EXERCISE DIRECTIONS:
What you write must match the records exactly, except for the images, which are left out.

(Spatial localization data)

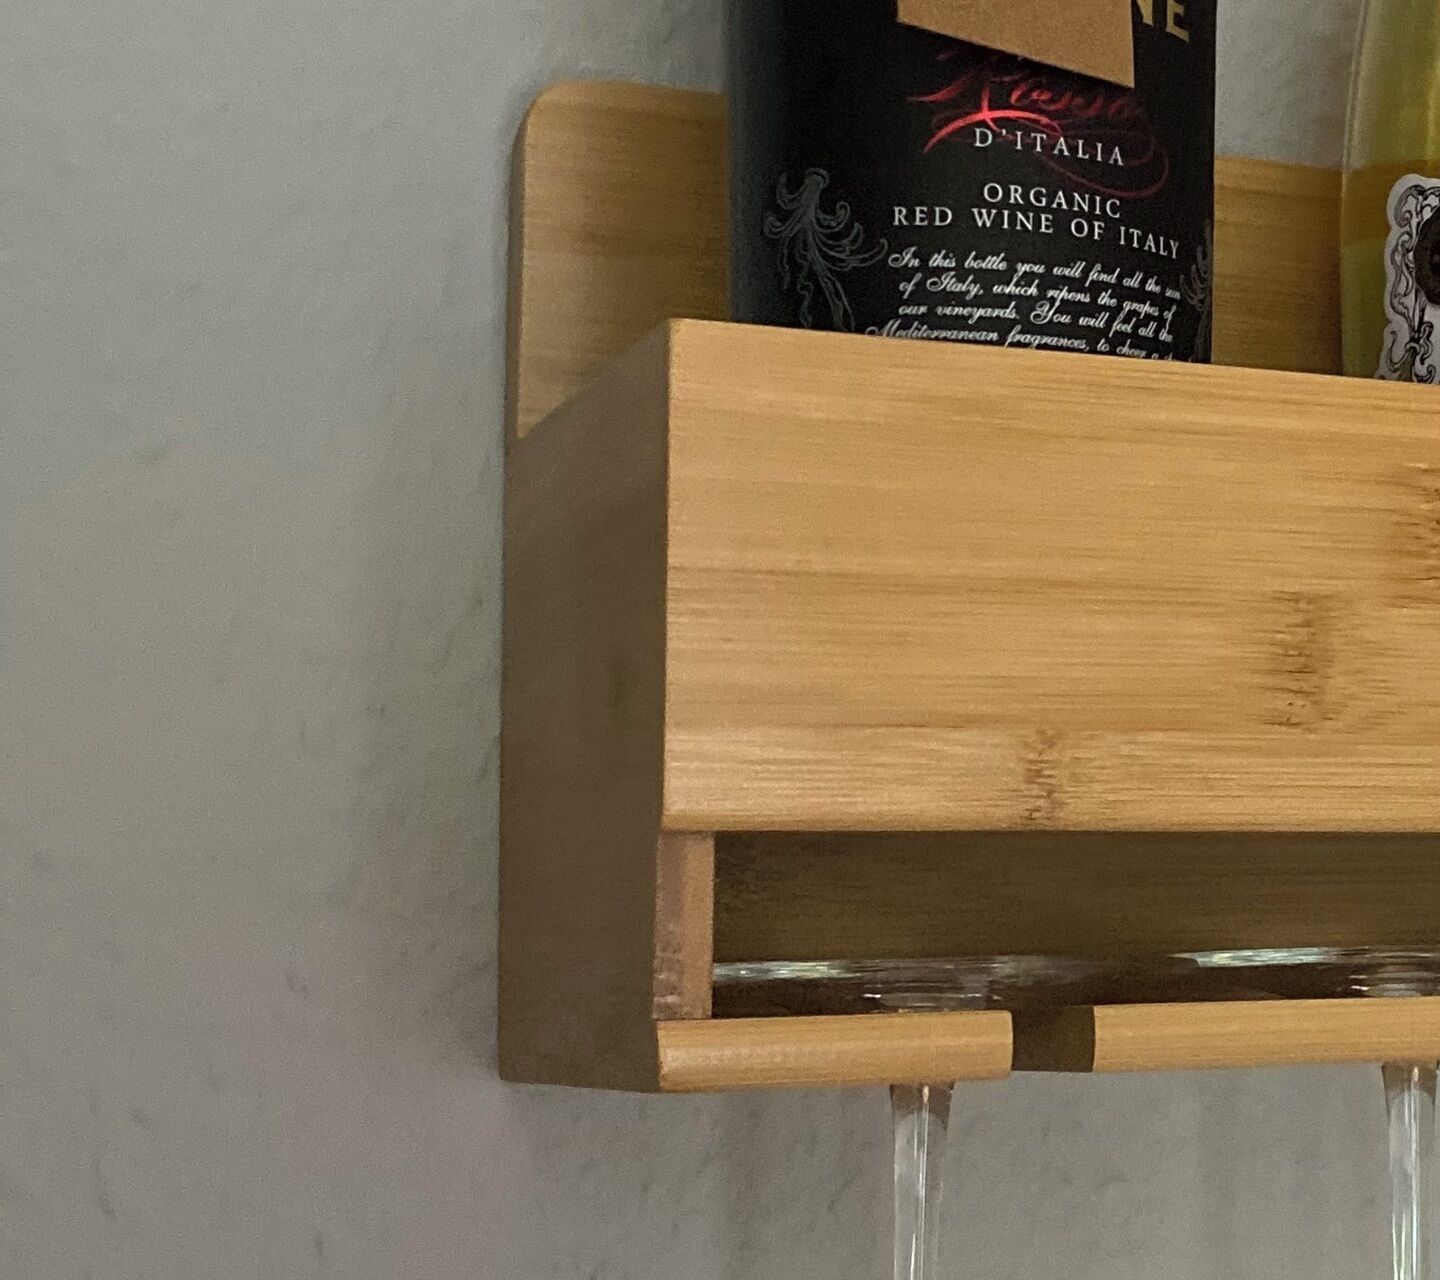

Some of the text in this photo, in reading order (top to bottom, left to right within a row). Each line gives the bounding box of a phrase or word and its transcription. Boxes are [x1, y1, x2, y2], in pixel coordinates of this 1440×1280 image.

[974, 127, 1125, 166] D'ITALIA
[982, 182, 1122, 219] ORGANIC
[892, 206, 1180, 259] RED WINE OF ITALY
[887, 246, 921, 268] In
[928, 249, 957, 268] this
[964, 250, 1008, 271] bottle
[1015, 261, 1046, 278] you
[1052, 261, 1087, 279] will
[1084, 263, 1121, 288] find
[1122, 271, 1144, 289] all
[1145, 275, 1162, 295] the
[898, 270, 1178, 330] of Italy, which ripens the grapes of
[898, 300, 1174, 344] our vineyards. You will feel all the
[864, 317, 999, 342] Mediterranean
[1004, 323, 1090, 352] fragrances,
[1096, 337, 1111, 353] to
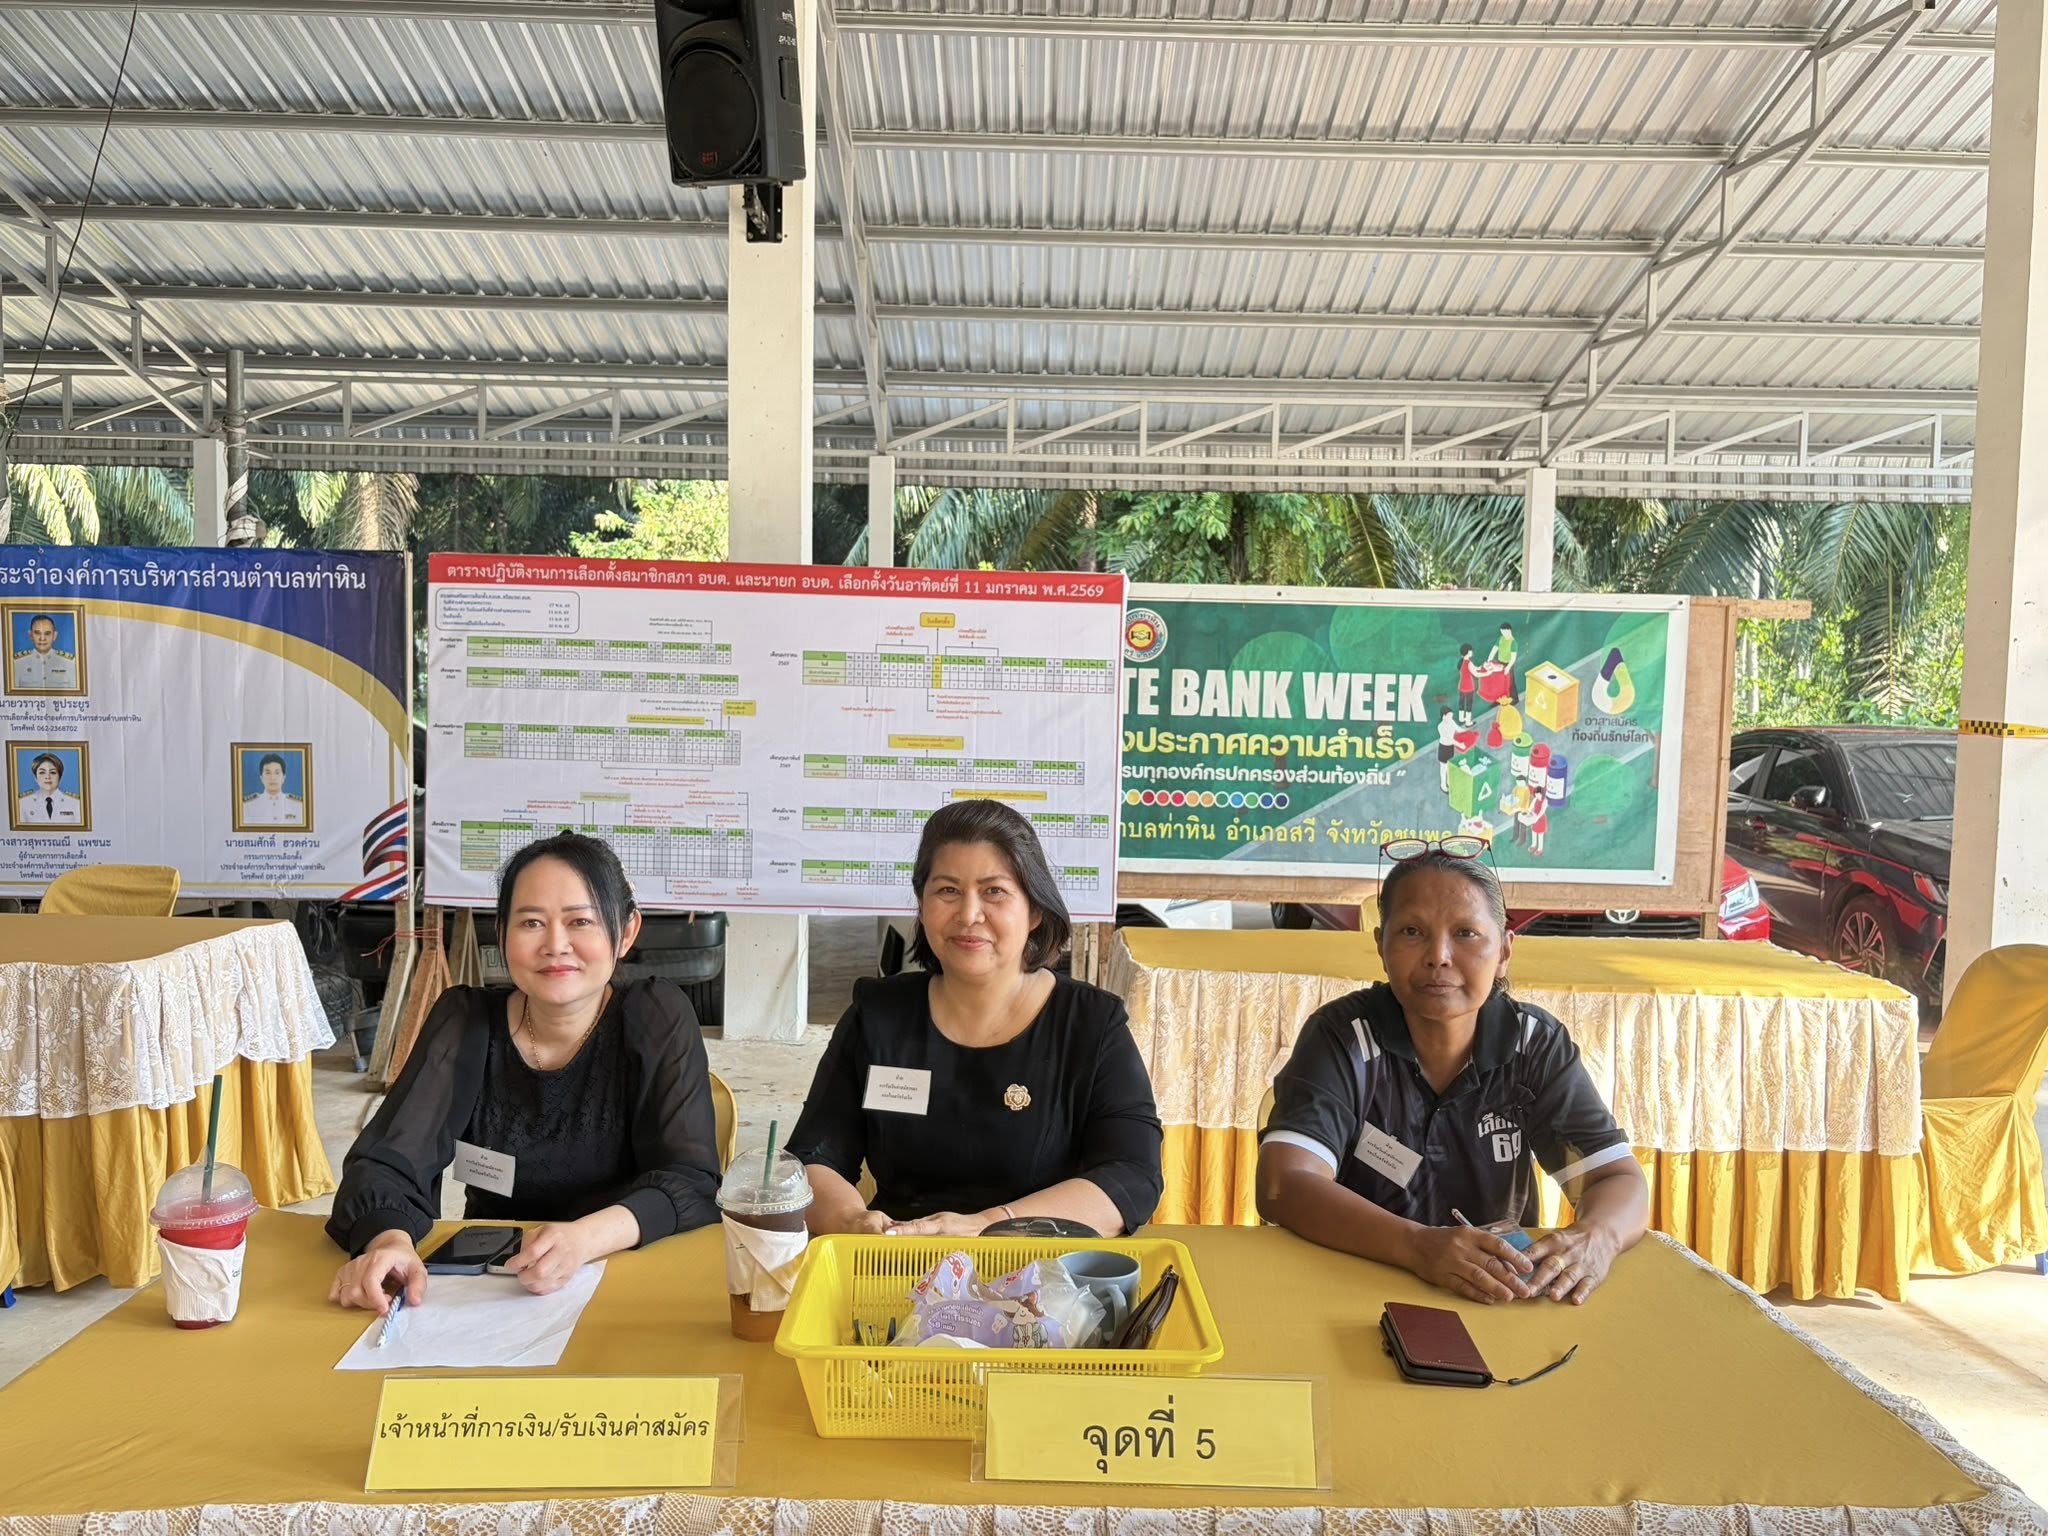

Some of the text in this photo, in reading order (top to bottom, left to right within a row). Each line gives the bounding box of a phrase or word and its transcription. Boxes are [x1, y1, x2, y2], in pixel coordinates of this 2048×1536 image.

RESPONSE TO THE TASK:
Some of the text in this photo, in reading order (top to bottom, left to right within a row). Each line gives the bounding box of a phrase or word and its transcription. Boxes are [x1, y1, x2, y2], in pixel coordinates of this 1440×1280 image.

[974, 127, 1125, 166] D'ITALIA
[982, 182, 1122, 219] ORGANIC
[892, 206, 1180, 259] RED WINE OF ITALY
[887, 246, 921, 268] In
[928, 249, 957, 268] this
[964, 250, 1008, 271] bottle
[1015, 261, 1046, 278] you
[1052, 261, 1087, 279] will
[1084, 263, 1121, 288] find
[1122, 271, 1144, 289] all
[1145, 275, 1162, 295] the
[898, 270, 1178, 330] of Italy, which ripens the grapes of
[898, 300, 1174, 344] our vineyards. You will feel all the
[864, 317, 999, 342] Mediterranean
[1004, 323, 1090, 352] fragrances,
[1096, 337, 1111, 353] to

Some of the text in this photo, in reading order (top to bottom, left to right within a row). Each line gives the bounding box of a phrase or word and its transcription. Boxes are [x1, y1, x2, y2], in pixel coordinates of this 2048×1536 image.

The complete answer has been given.